In the material below, find every line with "words" and pull it out.

RECORDS SUPPLIED ->
◇ ◇ ◇ ◇
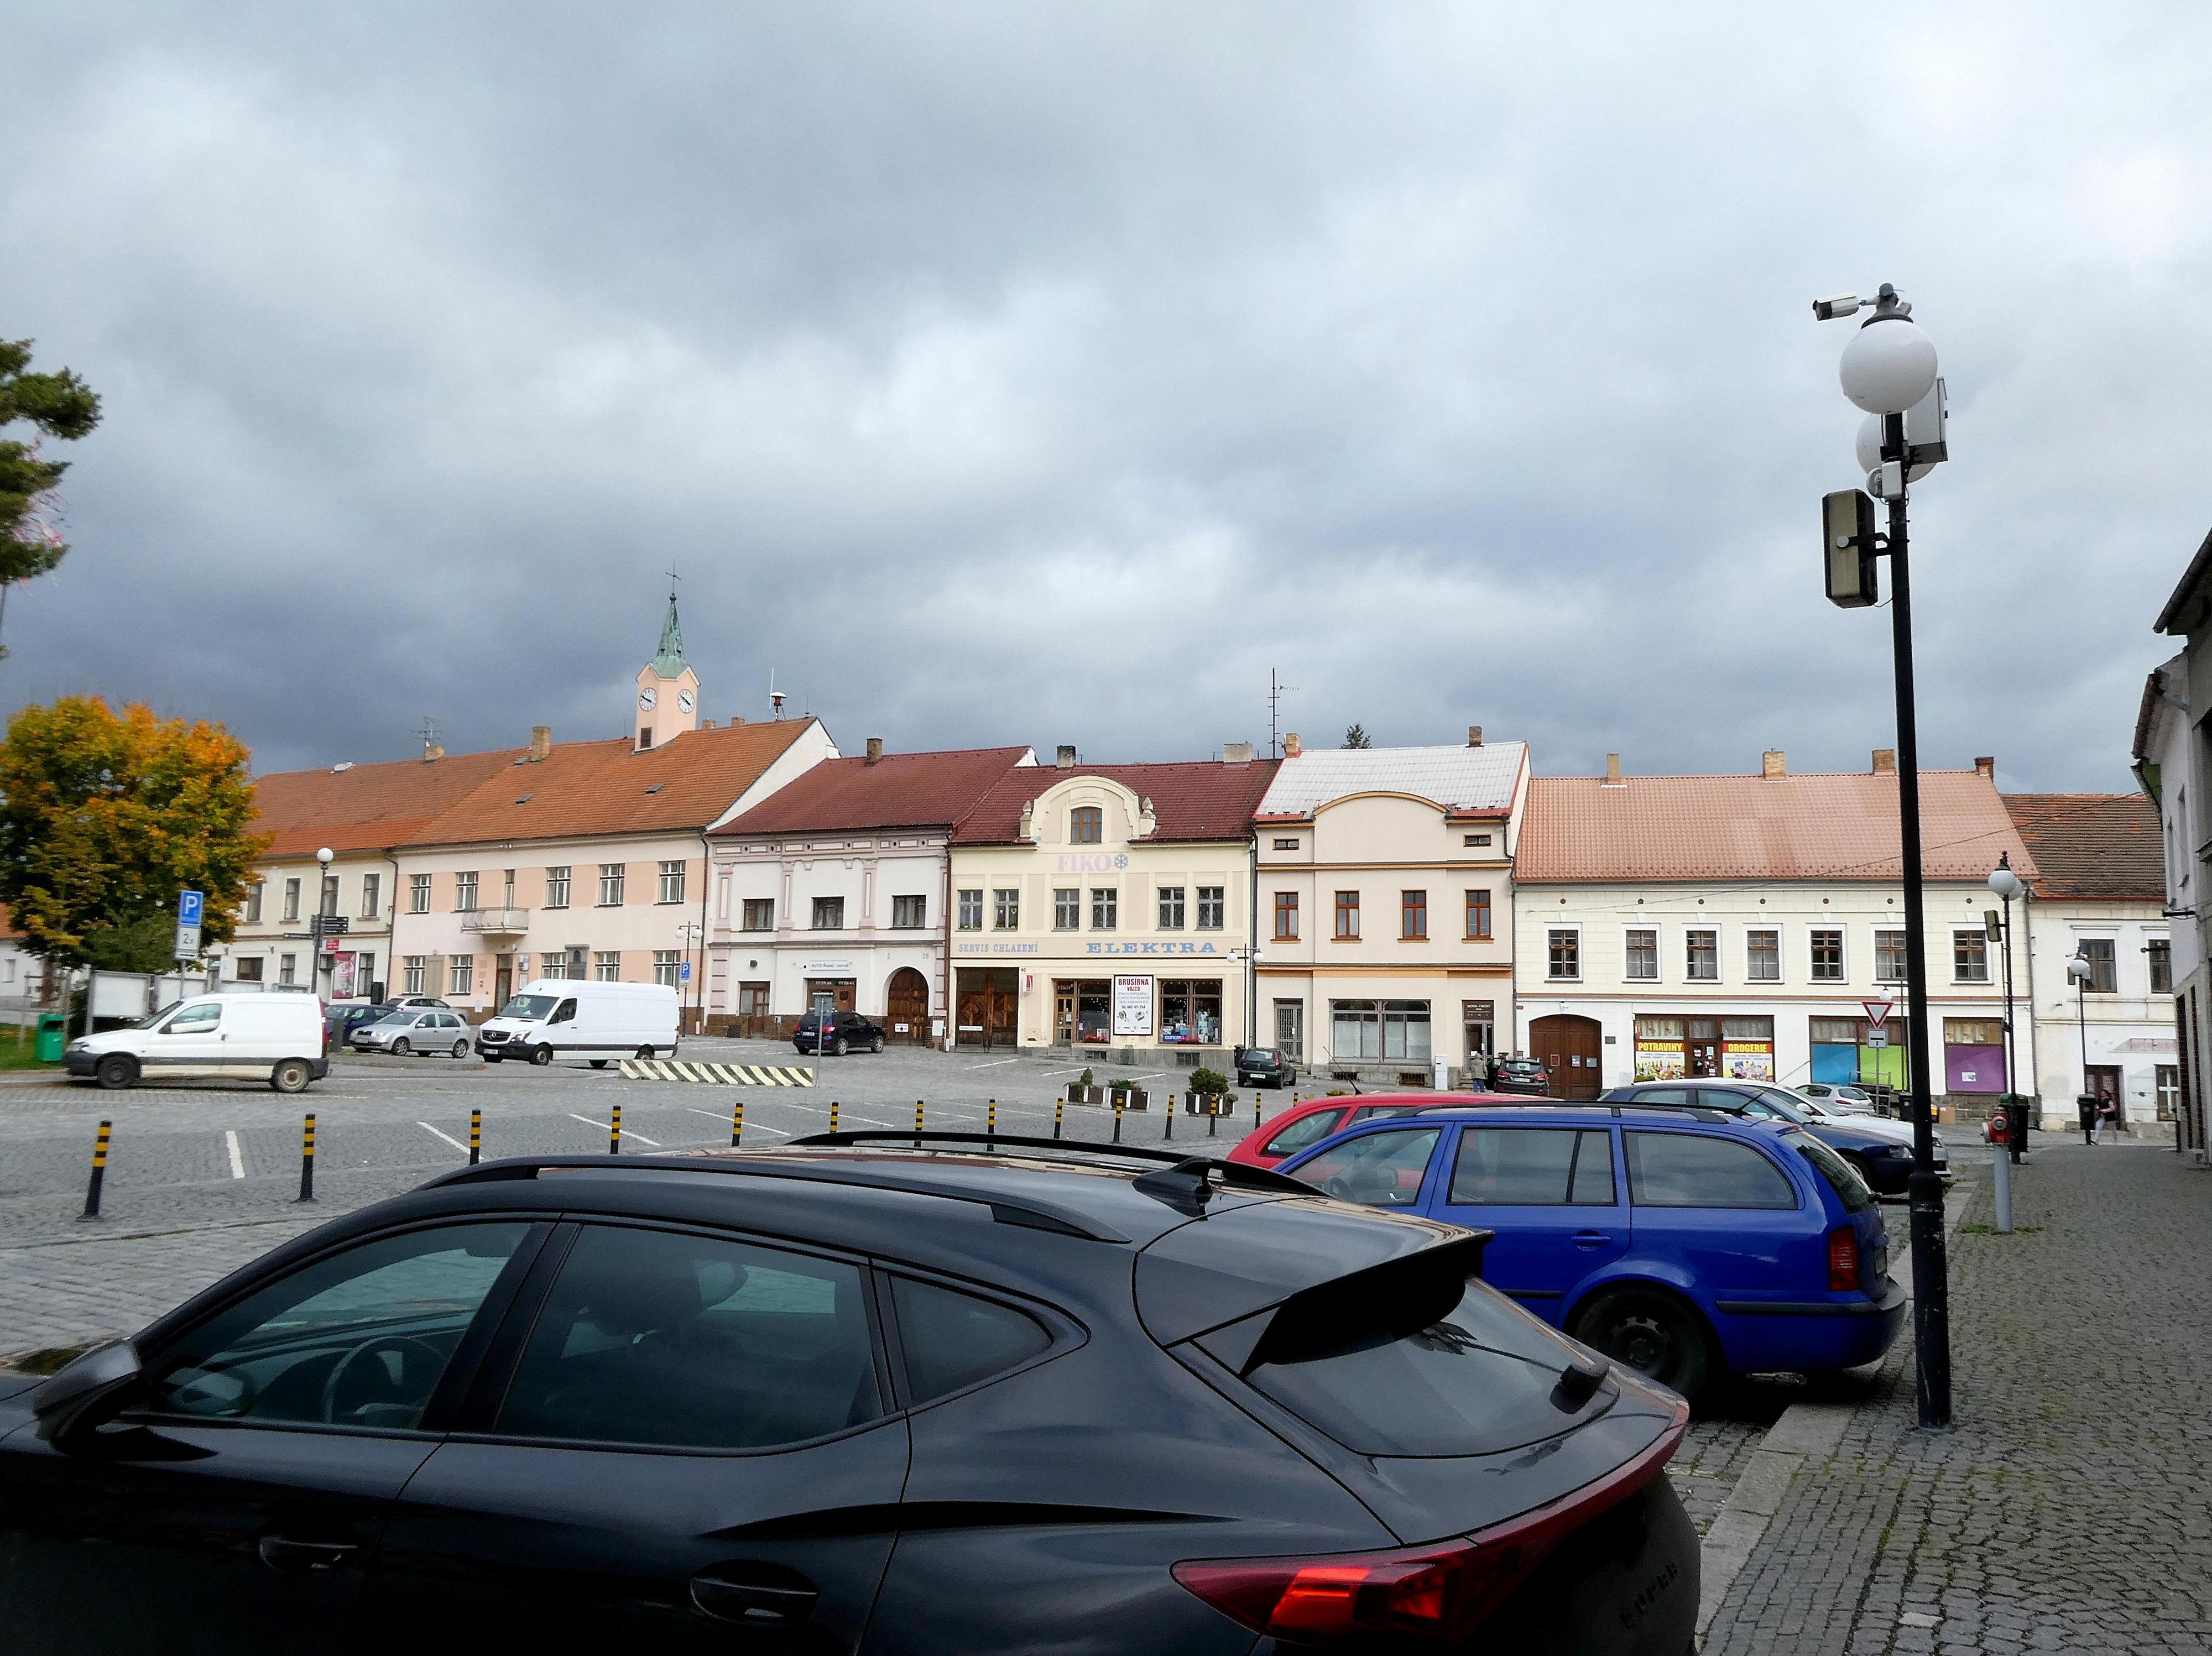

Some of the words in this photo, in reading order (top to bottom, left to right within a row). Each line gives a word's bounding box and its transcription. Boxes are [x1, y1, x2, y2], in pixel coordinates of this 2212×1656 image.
◇ ◇ ◇ ◇
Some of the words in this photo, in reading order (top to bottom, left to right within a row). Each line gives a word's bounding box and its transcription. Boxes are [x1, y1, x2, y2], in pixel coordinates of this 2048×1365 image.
◇ ◇ ◇ ◇
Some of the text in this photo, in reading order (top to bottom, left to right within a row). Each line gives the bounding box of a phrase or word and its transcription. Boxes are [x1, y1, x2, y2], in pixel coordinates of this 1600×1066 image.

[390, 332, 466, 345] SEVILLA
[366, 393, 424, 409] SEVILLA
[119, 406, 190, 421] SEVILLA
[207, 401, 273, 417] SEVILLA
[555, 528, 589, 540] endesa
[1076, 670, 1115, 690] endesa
◇ ◇ ◇ ◇
TASK SOLUTION ->
Some of the words in this photo, in reading order (top to bottom, left to right within a row). Each line gives a word's bounding box and its transcription. Boxes are [x1, y1, x2, y2], in pixel coordinates of this 2212×1656 image.
Some of the words in this photo, in reading order (top to bottom, left to right within a row). Each line gives a word's bounding box and its transcription. Boxes are [x1, y1, x2, y2], in pixel coordinates of this 2048×1365 image.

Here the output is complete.